• Task statement
Restate each line below word for word, skipping every picture.

• Provided data

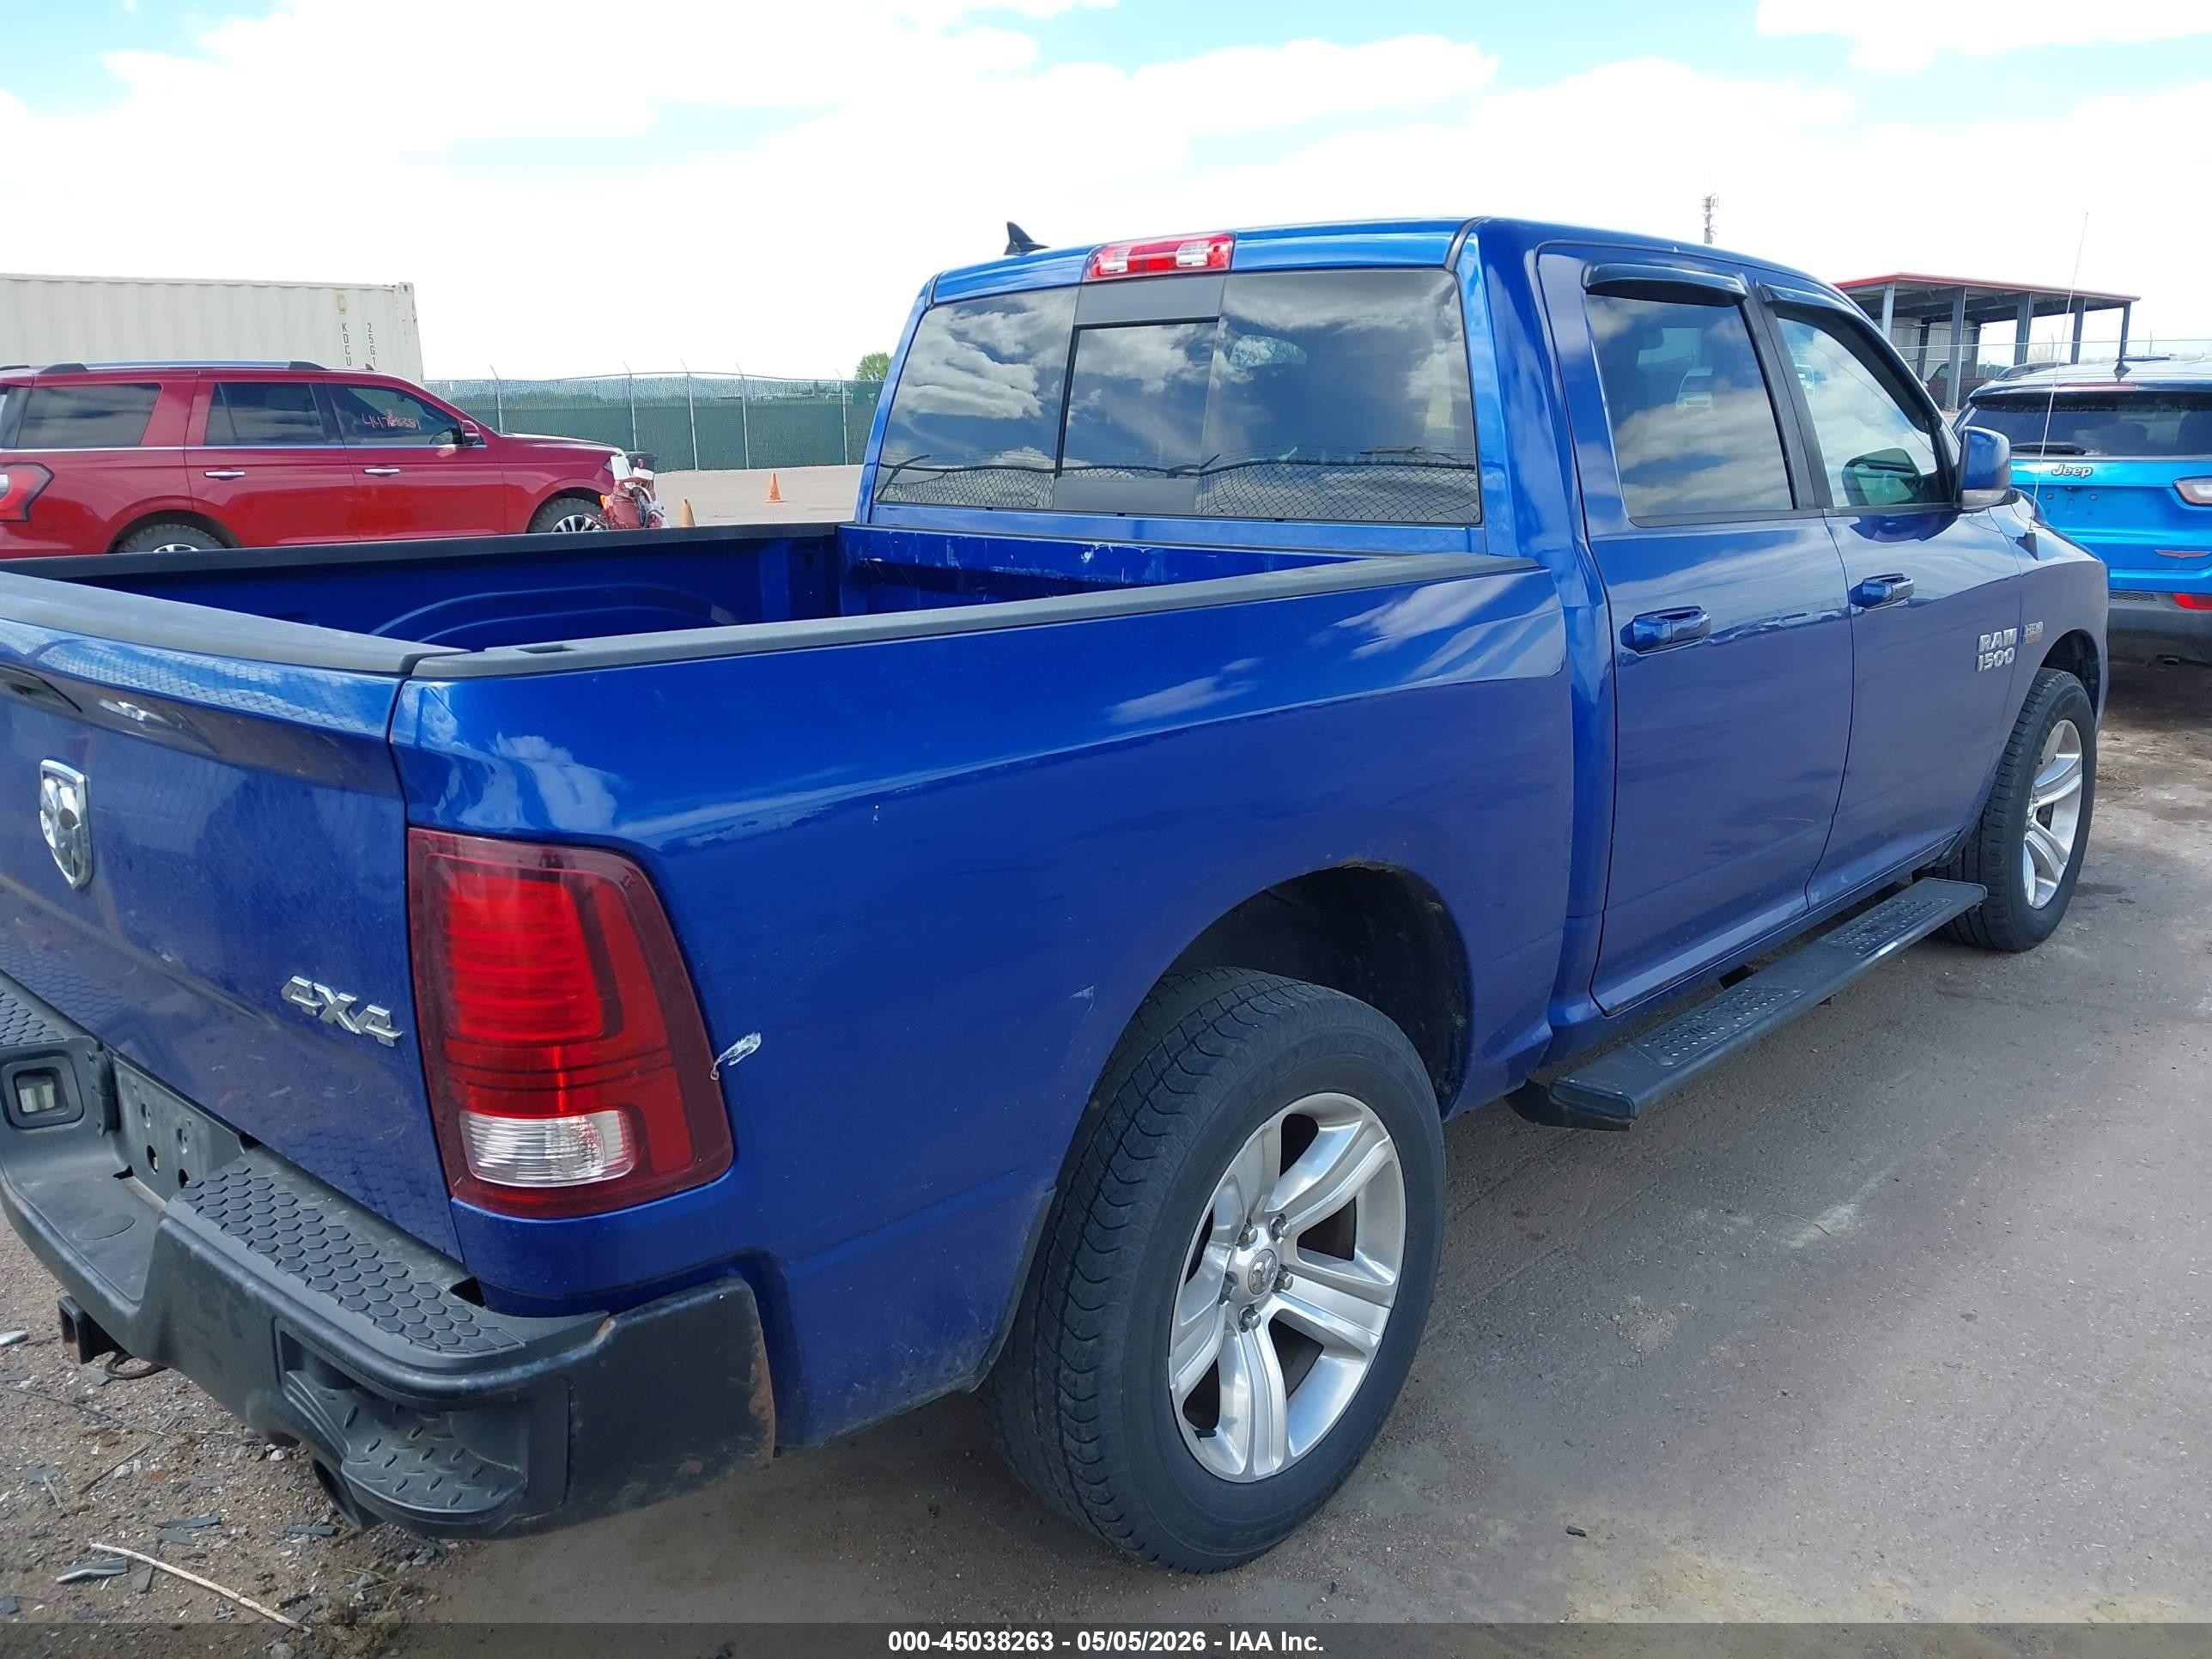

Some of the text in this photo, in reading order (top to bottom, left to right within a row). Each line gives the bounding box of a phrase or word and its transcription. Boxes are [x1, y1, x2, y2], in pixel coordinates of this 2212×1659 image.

[341, 322, 352, 367] KDCU
[367, 322, 377, 367] 25G1
[2051, 464, 2094, 478] Jeep
[1978, 628, 2017, 652] RAM
[1978, 647, 2014, 672] 1500

• Task response
Some of the text in this photo, in reading order (top to bottom, left to right within a row). Each line gives the bounding box of a phrase or word and its transcription. Boxes are [x1, y1, x2, y2], in pixel coordinates of this 2212×1659 image.

[341, 322, 352, 367] KDCU
[367, 322, 377, 367] 25G1
[2051, 464, 2094, 478] Jeep
[1978, 628, 2017, 652] RAM
[1978, 647, 2014, 672] 1500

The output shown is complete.